The temporal distribution and composition of microplastic (MP) particles from 2015 - 2024 (Karang Island) and 2019 - 2024 (Ungge Island) revealed highly localized and variable contamination patterns across the four stations (Figures 4 and 5). At Karang Island, station 1PK2 experienced an extreme contamination event in 2020 (40 particles), dominated by Fibers and Fragments, while the nearby station 4PK1 exhibited different peaks in 2018 and 2021 (20 particles) with a notable presence of Pellets (Figure 4). Conversely, at Ungge Island, station 5PU showed a steady increase to its maximum in 2024 (23 particles), consisting almost entirely of Fibers. In stark contrast, station 3PU1 displayed major peaks in both 2020 (32 particles) and 2024 (33 particles) and was uniquely characterized by a high abundance of Pellets and Films (Figure 5). These results demonstrate complex local dynamics, as 2020 was a peak contamination year for stations 1PK2 and 3PU1 but a low-contamination year for 4PK1 and 5PU. This temporal divergence, combined with the significant compositional differences (e.g., the high prevalence of Pellets at 3PU1), strongly suggests that the reef stations are impacted by varied and distinct local pollution sources.

Figure 4 Temporal distribution and composition of microplastic particles at Karang Island Stations (1PK2 and 4PK1) from 2015 - 2024.

Figure 5 Temporal distribution and composition of microplastic particles at Ungge Island Stations (5PU and 3PU1) from 2019 - 2024.

Microplastic characterization by morphology and color

The analysis of overall microplastic prevalence (Figure 6) demonstrated that Fibers were unequivocally the most dominant morphology at both sites, composing 63.4% of the total particles at Ungge Island and 58.2% at Karang Island. The secondary composition varied by location: Pellets were the second most abundant type at Karang Island (32.4%), whereas at Ungge Island, this rank was shared by Pellets (21.7%) and Fragments (12.3%). Films and Foams were negligible at both sites (< 2%). The color distribution analysis (Figure 7) further detailed these compositions by particle count, revealing that the dominant Fiber category (160 particles at Karang, 149 at Ungge) was primarily composed of Black (e.g., 32.5% at Karang) and Blue (e.g., 33.8% at Karang) particles.
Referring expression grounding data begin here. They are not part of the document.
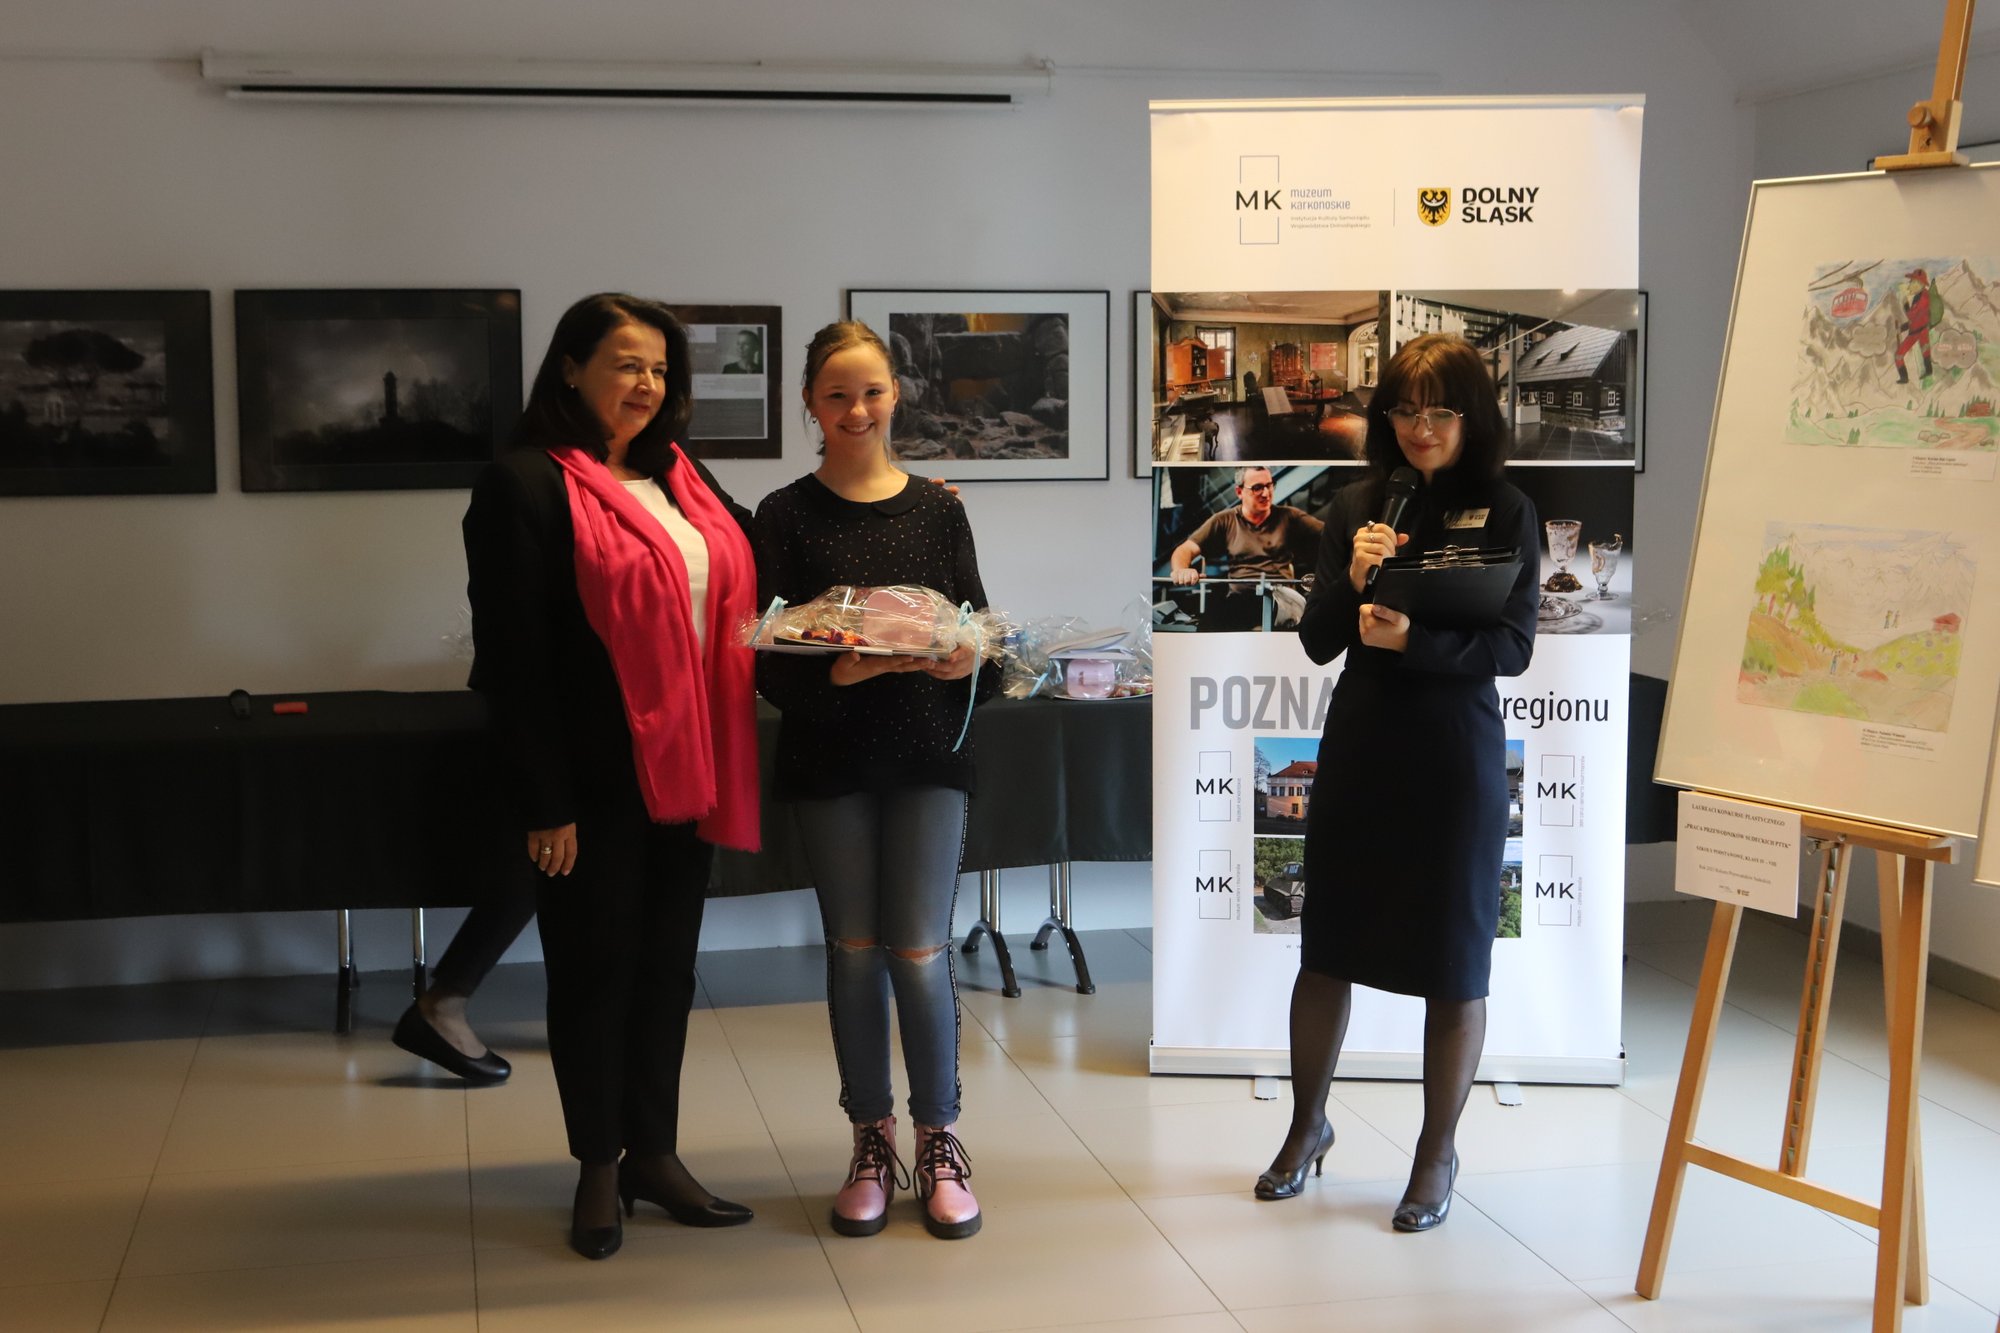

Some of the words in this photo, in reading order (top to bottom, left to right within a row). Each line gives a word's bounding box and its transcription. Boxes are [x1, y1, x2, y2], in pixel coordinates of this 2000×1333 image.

[1236, 189, 1282, 210] MK
[1290, 188, 1332, 198] muzeum
[1462, 187, 1540, 204] DOLNY
[1290, 200, 1351, 210] karkonoskie
[1462, 202, 1534, 226] ŚLĄSK
[1502, 691, 1609, 729] regionu
[1195, 778, 1234, 795] MK
[1537, 782, 1577, 800] MK
[1195, 876, 1234, 893] MK
[1535, 882, 1575, 899] MK
In contrast, the significant Pellet category (89 particles at Karang, 51 at Ungge) was overwhelmingly dominated by Yellow (69.7% at Karang, 66.7% at Ungge) and Black (25.8% at Karang, 31.4% at Ungge) particles, while Fragments were also predominantly Black.
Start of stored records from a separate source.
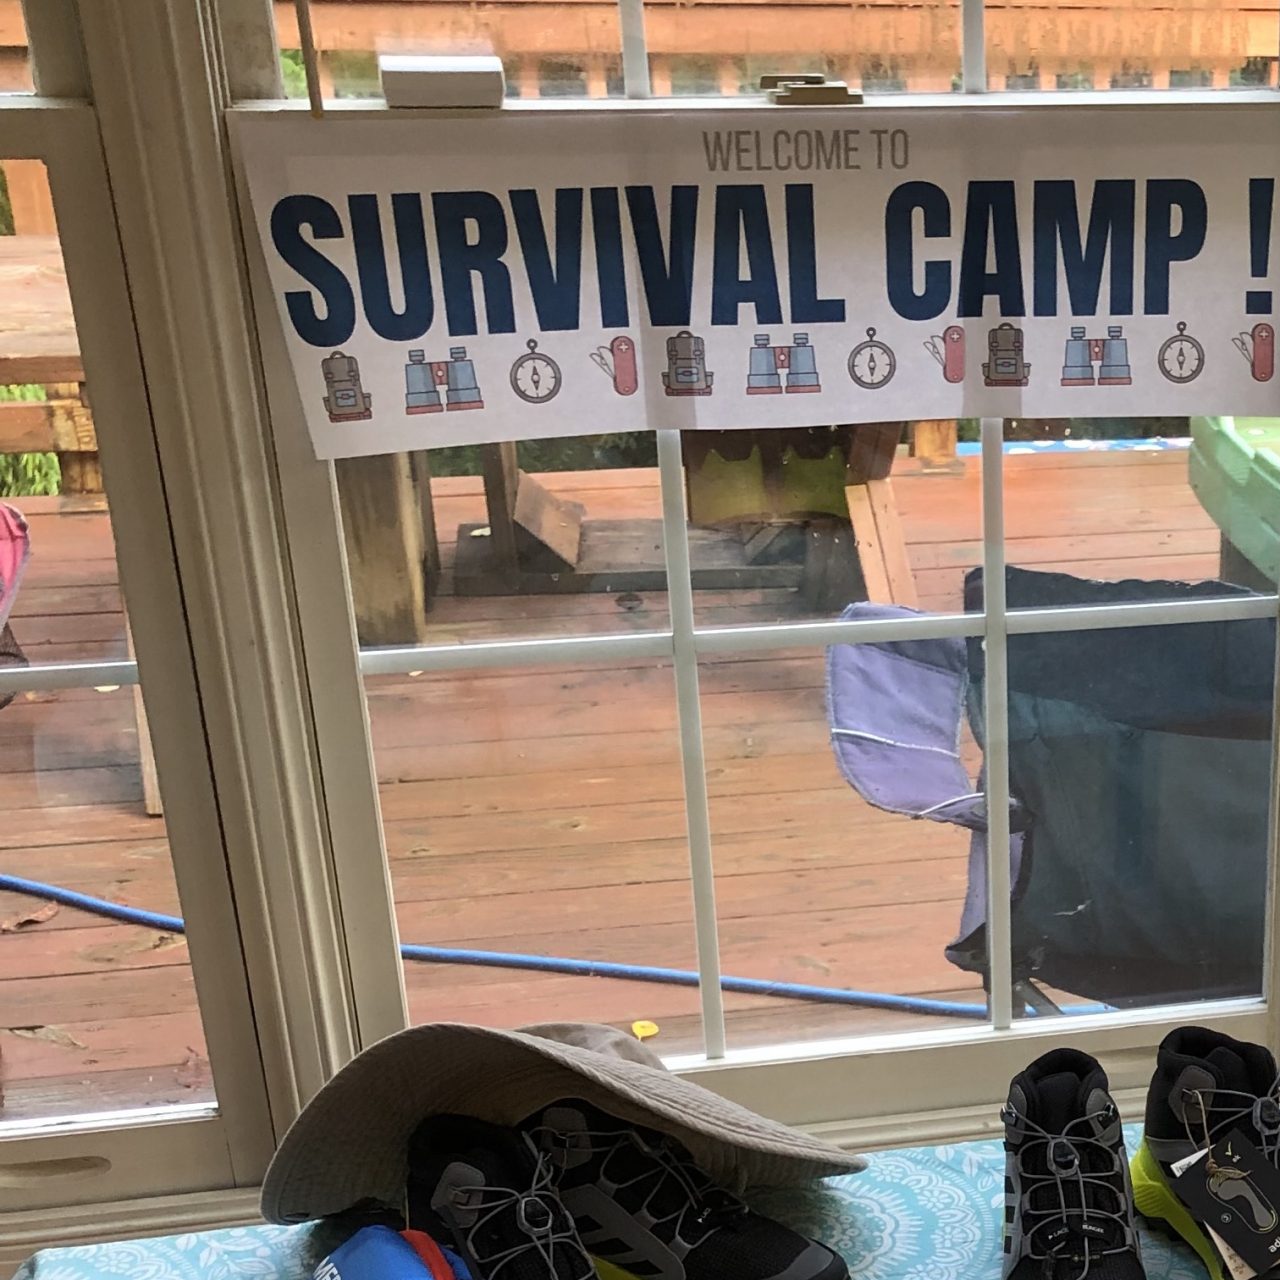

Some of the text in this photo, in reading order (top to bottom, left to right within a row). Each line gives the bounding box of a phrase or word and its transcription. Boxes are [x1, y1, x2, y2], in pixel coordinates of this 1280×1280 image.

[701, 128, 910, 173] WELCOME TO
[270, 177, 1276, 348] SURVIVAL CAMP !
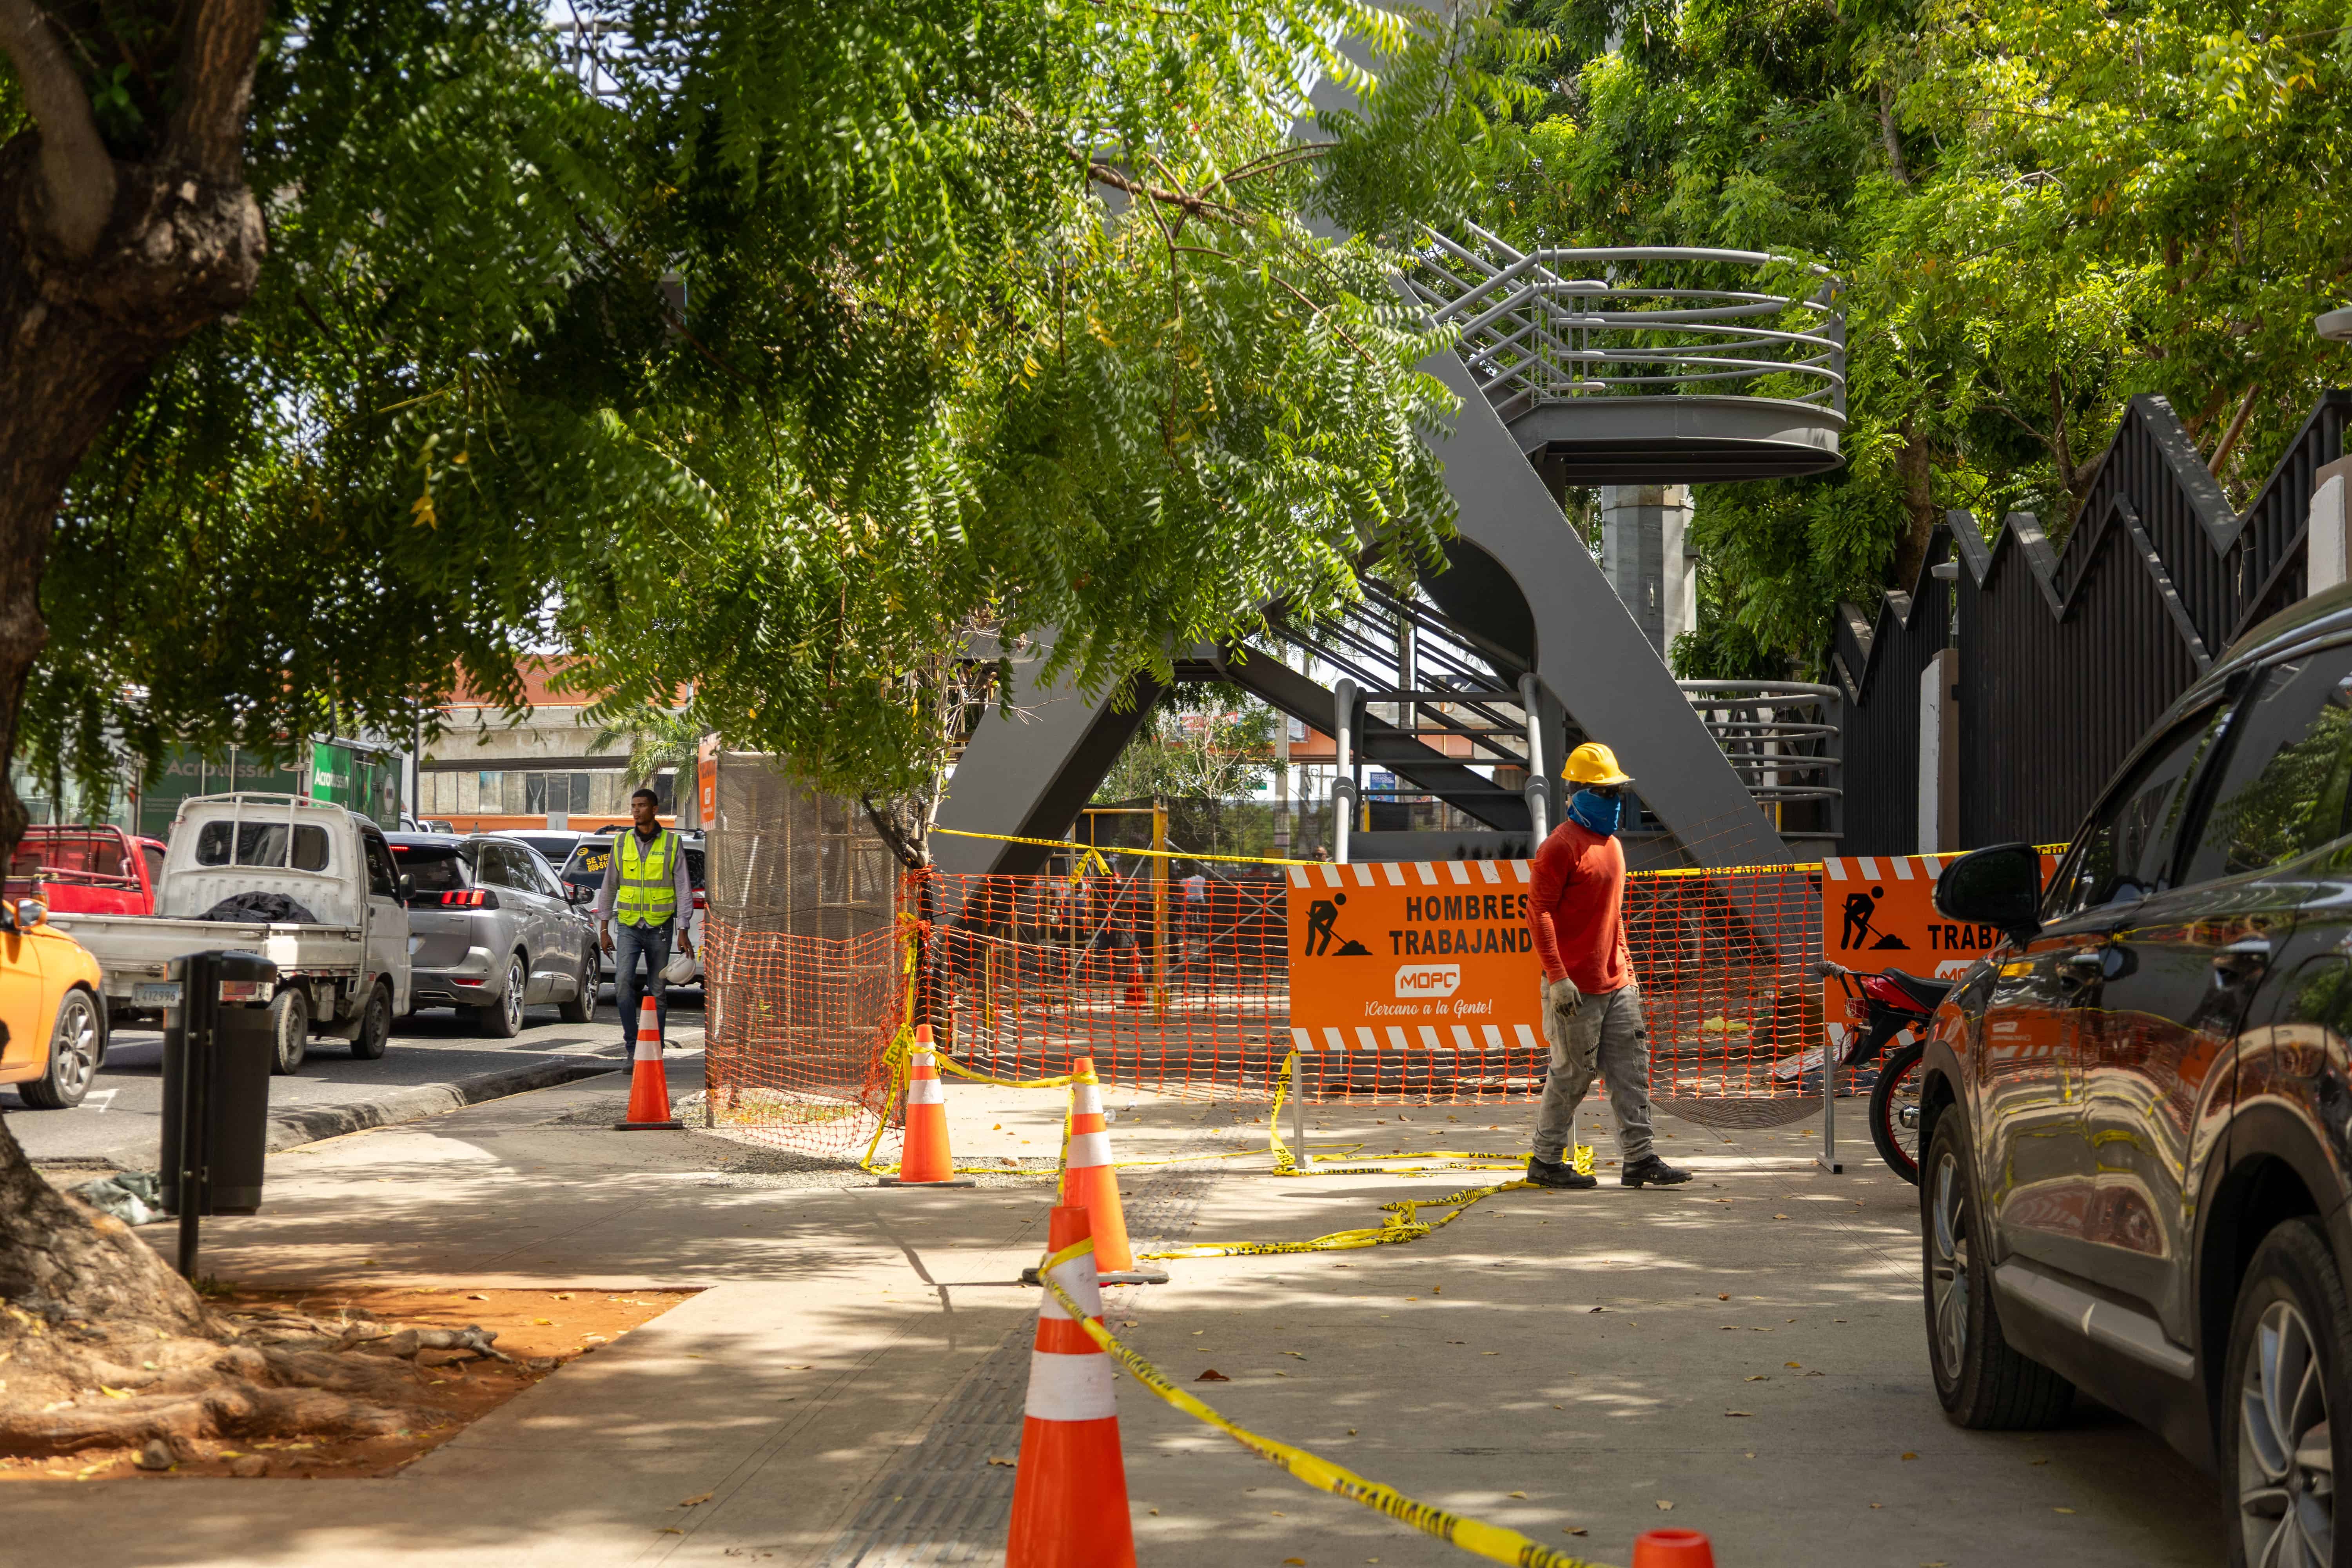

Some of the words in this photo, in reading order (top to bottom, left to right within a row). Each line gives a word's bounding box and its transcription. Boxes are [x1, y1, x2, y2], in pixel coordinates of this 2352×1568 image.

[586, 857, 597, 865] SE
[1406, 893, 1528, 922] HOMBRES
[1389, 927, 1533, 955] TRABAJAND
[1400, 972, 1457, 989] MOPC
[1365, 1001, 1419, 1016] ¡Cercano
[1423, 1004, 1433, 1015] a
[1436, 1000, 1449, 1015] la
[1454, 999, 1492, 1019] Gente!
The annual microplastic size distribution and dominant morphological types are detailed in Table 2. Particle sizes were highly variable across the chronology, ranging from a minimum of 25 µm (recorded at Ungge Island in 2020) to a maximum of 873 µm (at Karang Island in 2016). Fibers were the most persistent dominant morphology, identified as a primary or co-dominant type in every year at both locations. Fragments and Pellets were also frequently co-dominant, though their prevalence varied annually. For instance, Pellets were notably co-dominant with Fibers at Karang Island during the 2015 - 2016 period and again in 2020. The data also reveals significant annual fluctuations in size distribution. At Karang Island, the largest maximum particle sizes (873 and 838 µm) were recorded in the earliest years (2016 and 2015, respectively), while the smallest particles (e.g., 25 µm at Ungge Island) were observed in later years, indicating a complex and dynamic influx of particle sizes over time.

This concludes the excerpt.